As she adored His Eucharistic splendour, she began to experience His immense love. She wrote:

I received from my God signal tokens of His love, and felt urged with the desire of making Him some return, and of rendering Him love for love.

The Sacred Heart then appeared before her and spoke these words:

Behold the Heart which has so loved men that it has spared nothing, even to exhausting and consuming Itself, in order to testify Its love; and in return, I receive from the greater part only ingratitude, by their irreverence and sacrilege, and by the coldness and contempt they have for Me in this Sacrament of Love. But what I feel most keenly is that it is hearts which are consecrated to Me, that treat Me thus.

Therefore, I ask of you that the Friday after the Octave of Corpus Christi be set apart for a special Feast to honor My Heart, by communicating on that day, and making reparation to It by a solemn act, in order to make amends for the indignities which It has received during the time It has been exposed on the altars. I promise you that My Heart shall expand Itself to shed in abundance the influence of Its Divine Love upon those who shall thus honour It, and cause It to be honoured.

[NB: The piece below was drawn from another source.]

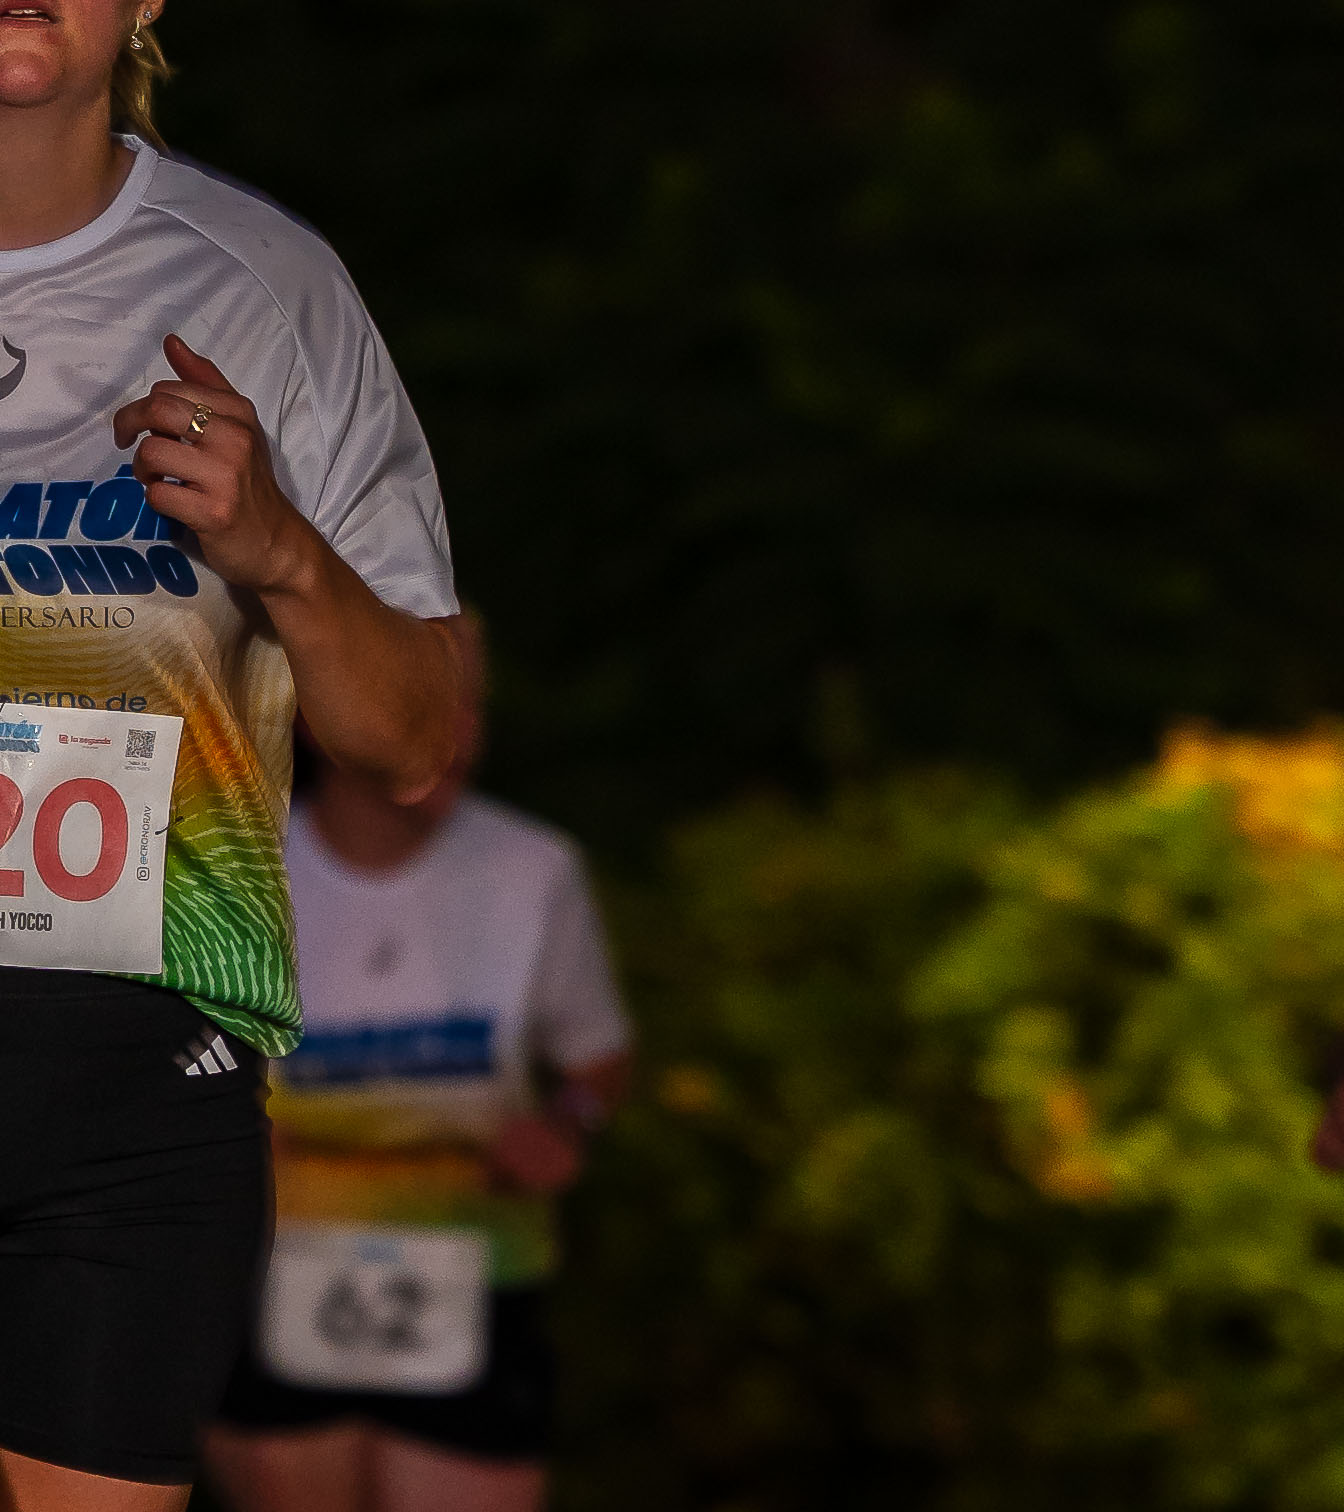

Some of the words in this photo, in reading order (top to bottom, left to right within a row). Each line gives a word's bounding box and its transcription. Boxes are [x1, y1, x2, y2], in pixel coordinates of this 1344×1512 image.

[106, 692, 148, 713] de
[139, 805, 152, 865] @CRONORAV
[8, 911, 53, 932] YOCCO
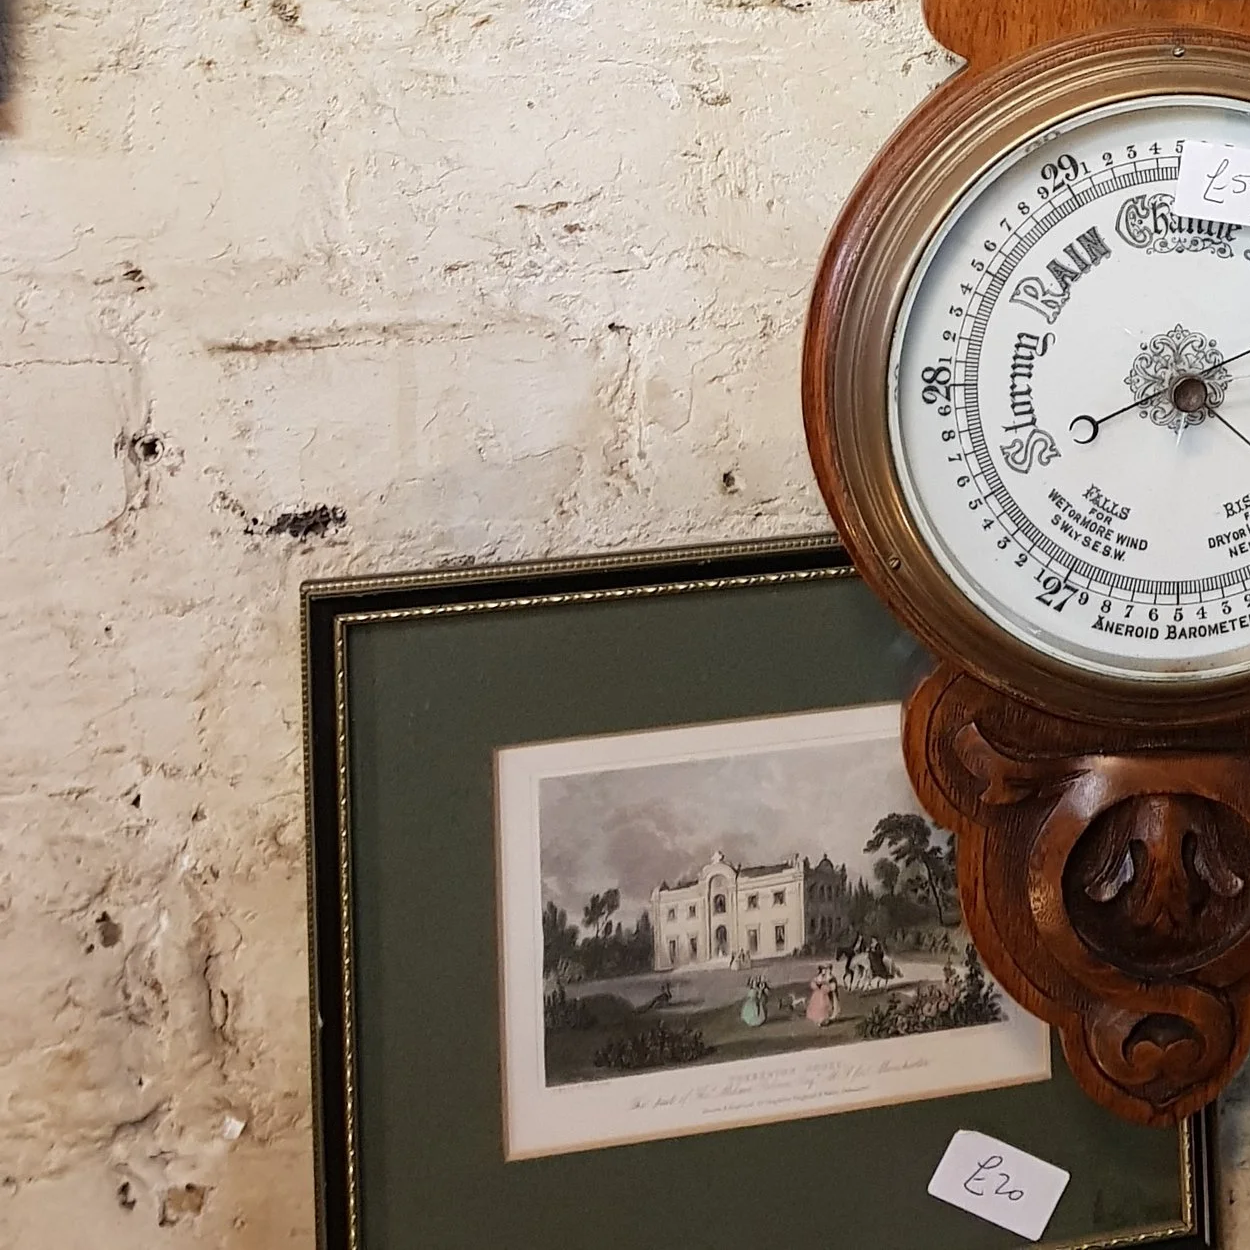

In order to understand more deeply what this Feast is about, let us look closely at these words of Our Lord. What does He mean when He says, “Behold the Heart which has so loved men that it has spared nothing, even to exhausting and consuming Itself, in order to testify Its love”?

Sacred-Heart-Tradition
Sacred Heart Holy card from Montmarttre

His Heart “has spared nothing”, for Jesus Christ has given of Himself through total sacrifice on the Cross. And He has given of Himself completely, His Body, Blood, Soul and Divinity, in the Eucharist. He has “consumed” and “exhausted” Himself for us: all for love of us – for our salvation.

Yet our salvation also depends on good works – on our efforts. Our salvation, the eternal happiness, for each and every one of us, is dependent on this return of love our Lord requests from us.

It is dependent on the opening of our hearts. Opening them, first of all to God. For when we love God with all our heart, we are then able to love our neighbour.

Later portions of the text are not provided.